Der Antrag ist Grundlage für ein wasserrechtliches Planfeststellungsverfahren mit einer umfassenden Beteiligung der Öffentlichkeit. Der NLWKN als zuständige Planfeststellungsbehörde hat daher für den Zeitraum 10. Februar bis einschließlich 9. März 2020 die Auslage der Antragsunterlagen in den Gemeinden Jemgum, Moormerland, Ostrhauderfehn, Rhauderfehn, Rhede (Ems) und Westoverledingen, den Samtgemeinden Dörpen und Jümme sowie den Städten Emden, Leer, Papenburg und Weener (Ems) veranlasst. Zu finden sind die Unterlagen in dieser Zeit auch im Internet unter https://www.nlwkn.niedersachsen.de und https://uvp.niedersachsen.de/.


Jeder, dessen Belange durch das Vorhaben berührt werden, kann sich bis einschließlich 9. April 2020 zu der Planung äußern. Des Weiteren werden die durch das Vorhaben in ihrem Aufgabenbereich berührten Behörden sowie die in Niedersachsen anerkannten Naturschutzvereinigungen beteiligt. Ein Erörterungstermin ist für den 3. Juni 2020 in Leer anberaumt.

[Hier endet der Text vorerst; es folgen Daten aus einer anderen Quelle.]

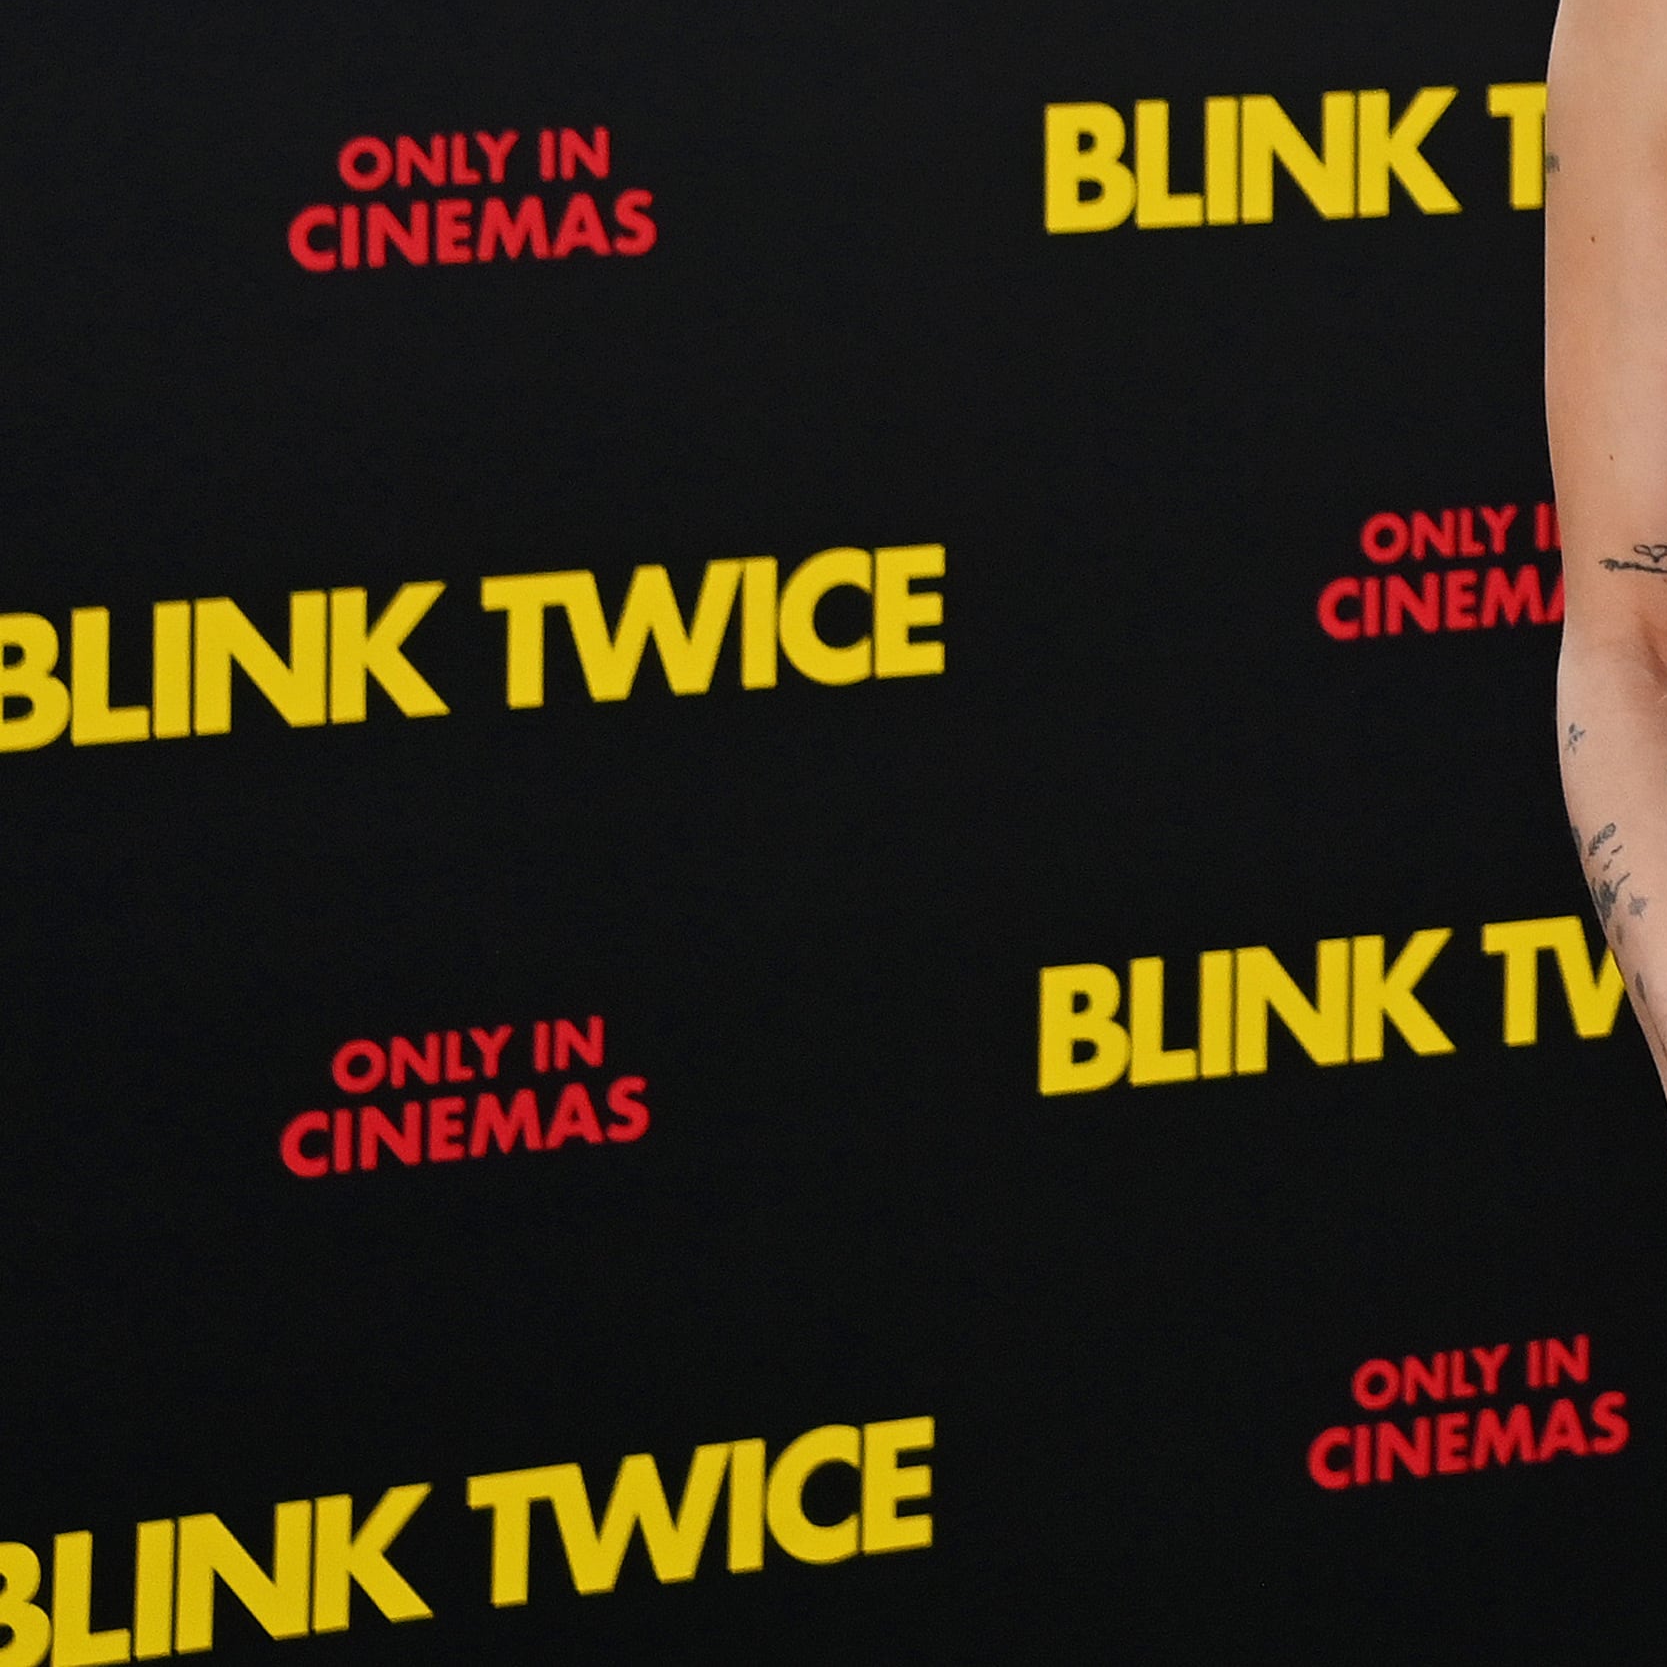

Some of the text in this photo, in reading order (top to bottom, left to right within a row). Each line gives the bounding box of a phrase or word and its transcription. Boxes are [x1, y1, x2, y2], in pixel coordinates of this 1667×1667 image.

[337, 126, 611, 192] ONLY IN
[1043, 85, 1461, 235] BLINK
[286, 188, 659, 273] CINEMAS
[1359, 501, 1562, 564] ONLY I
[0, 543, 947, 753] BLINK TWICE
[1316, 564, 1566, 641] CINEM
[330, 1014, 606, 1094] ONLY IN
[1037, 926, 1456, 1097] BLINK
[279, 1076, 652, 1179] CINEMAS
[1351, 1333, 1591, 1411] ONLY IN
[1307, 1390, 1631, 1491] CINEMAS
[466, 1415, 936, 1608] TWICE

Der Antrag des Landkreises Emsland knüpft an eine bereits per Planänderungsbeschluss vom 17.07.2015 befristet bis zum Jahr 2019 zugelassene Aussetzung der Nebenbestimmung zum Salzgehalt an. Diese war bei der Überführung der AIDAnova im Oktober 2018 aufgrund ungünstiger Verhältnisse zur Anwendung gekommen. Der Landkreis Emsland wertet daher die weitere befristete Flexibilisierung der Staufunktion und damit angestrebte Schaffung von Überführungssicherheit als notwendige Maßnahme zur Verbesserung der regionalen Infrastruktur und als teilweise Umsetzung des im Vertrag zum Masterplan Ems 2050 vereinbarten Ziels, den Standort der Meyer Werft in Papenburg zu sichern.